1. Infestation by sea lice originating on the salmon farms of the Scottish and Irish west coasts. There can be little doubt as to the extent and nature of the problem. Despite the unforgivable refusal of the Scottish Executive to accept the facts, it is clear to many of us that the salmon farms have been a major factor in the decline of sea trout stocks on many west coast rivers.

2. The uncontrolled growth in the populations of both grey seals and common seals around our coastline.

3. The overfishing of sandeels and other marine prey species.

4. Changes in sea temperatures.

5. Netting of sea trout at sea.

6. Diseases such as UDN.

7. Predation by anglers and poachers.

8. Afforestation of the upper catchments and the associated problems of both increased acidification and increased run-off of rainwater

9. Increases in the numbers of protected species of predatory birds, in particular Goosanders.

10. Increases in the numbers of mink.

11. Agricultural insecticides and pesticides which find there way into rivers affecting both fish and invertebrate life.

12. Chemicals used in the control of the Foot and Mouth outbreak in 2001.

13. The use of hazardous sheep dipping chemicals, such as Cypermethrin.

14. The introduction of non indigenous fish species into sea trout rivers, in particular the stocking of farmed brown trout.

15. The increase in runs of salmon in sea trout rivers, putting pressure on limited spawning and nursery resources available to sea trout.

16. Climatic changes resulting in possible changes in the flow regimes of rivers, e.g. extended drought in summer, milder winters and big winter floods.

Many of the above might be linked to the long term decline in our sea trout stocks, while few would explain the dramatic collapse of the Esk sea trout run described above. The effects of agricultural chemicals such as sheep dips and pesticides might merit further close and urgent study. In the Border Esk, for example, my impression is of a decline in the numbers of parr in the river over the past two seasons. This might indicate a new and particular problem in the river to add to all the other problems that have been with us for some time. It would be interesting to learn of rivers where sea trout fortunes have run contrary to the apparent general pattern of decline and possible explanations for any such exceptions.
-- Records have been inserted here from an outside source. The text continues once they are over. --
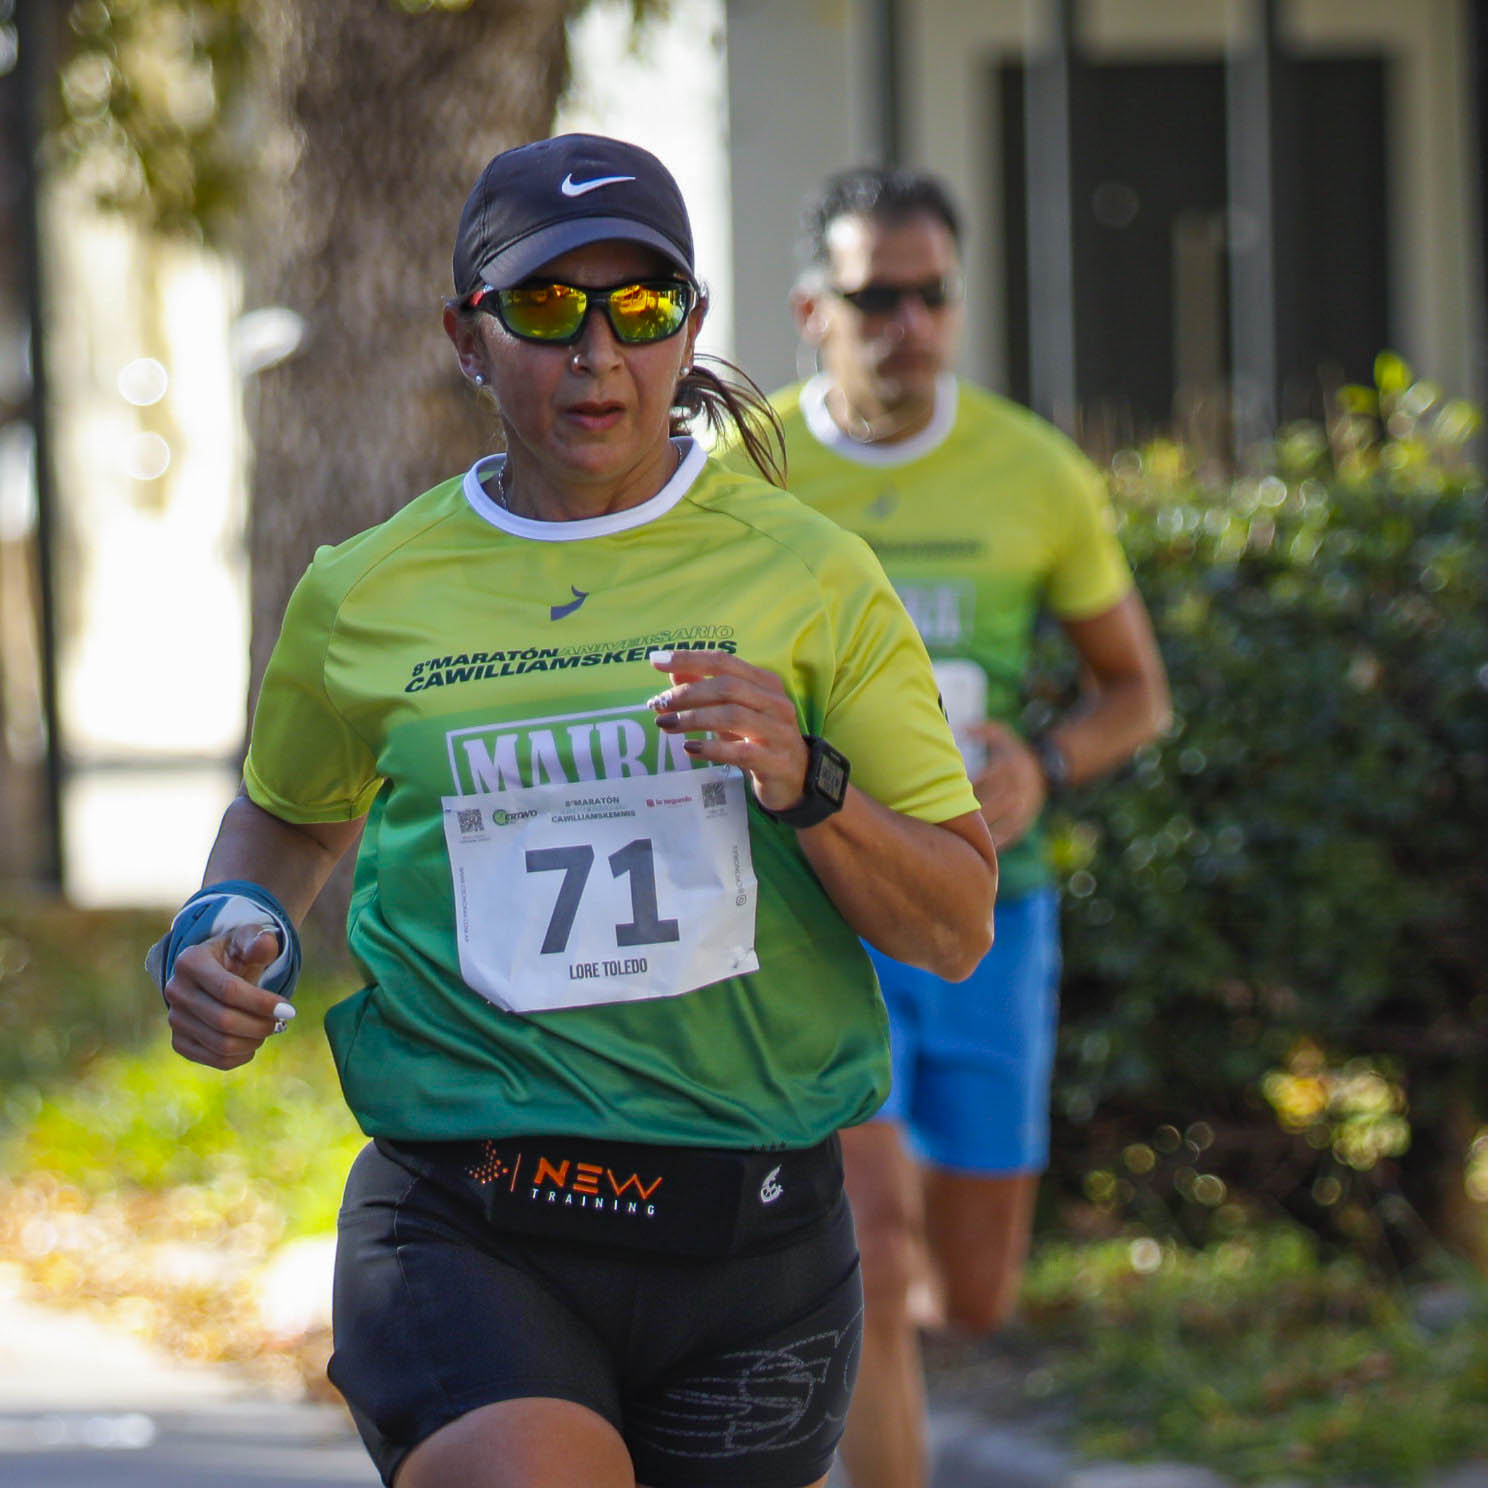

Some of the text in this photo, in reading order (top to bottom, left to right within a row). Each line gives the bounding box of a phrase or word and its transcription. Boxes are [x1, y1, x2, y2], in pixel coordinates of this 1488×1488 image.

[525, 838, 680, 955] 71
[569, 957, 648, 980] LORE TOLEDO
[533, 1156, 663, 1200] NEW
[531, 1188, 656, 1216] TRAINING
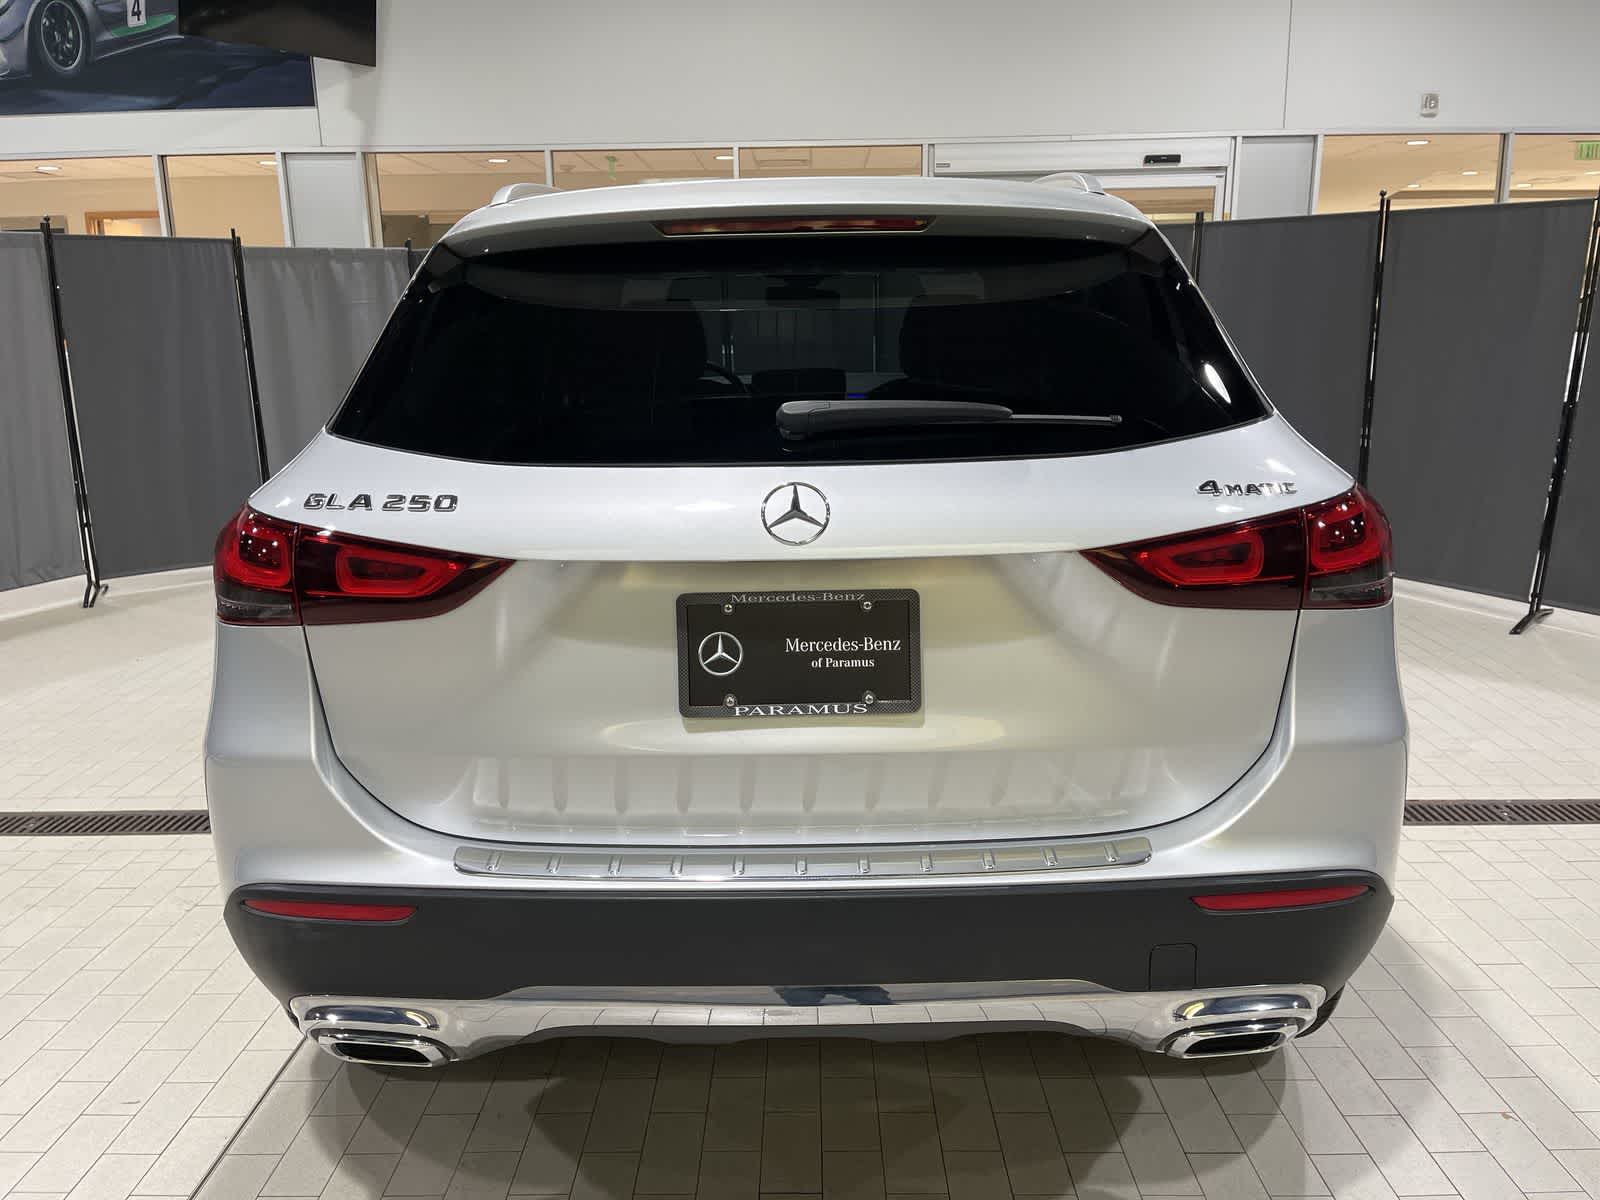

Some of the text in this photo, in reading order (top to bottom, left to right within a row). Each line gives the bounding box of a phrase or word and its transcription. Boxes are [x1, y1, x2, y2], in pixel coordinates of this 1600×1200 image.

[1197, 480, 1298, 497] 4MATIC
[303, 494, 458, 512] GLA 250
[731, 592, 865, 603] Mercedes-Benz
[785, 638, 901, 652] Mercedes-Benz
[811, 658, 874, 668] of Paramus
[735, 704, 867, 716] PARAMUS
Little has changed in the past two seasons. The general decline seems to have continued. The Solway rivers - Nith, Annan and Border Esk - show no sign of recovery. What is needed, I think, is concentrated effort in scientific study of the reasons for such a dramatic decline in sea trout stocks. In England and Wales, this would, I believe, be the responsibility of the EA. In Scotland, the Scottish Executive should show a little interest in the subject. I have the impression that the east coast rivers continue to fare better than those in the west. It is perhaps worth mentioning that the Spey, although it has suffered a steady decline in sea trout stocks, still has worthwhile runs of sea trout, as, it would seem, does its near neighbours, the Findhorn and Deveron. Loch Hope, in the north, which appears to have been less directly affected by salmon farming than other once famous sea trout lochs, continues to produce respectable catches.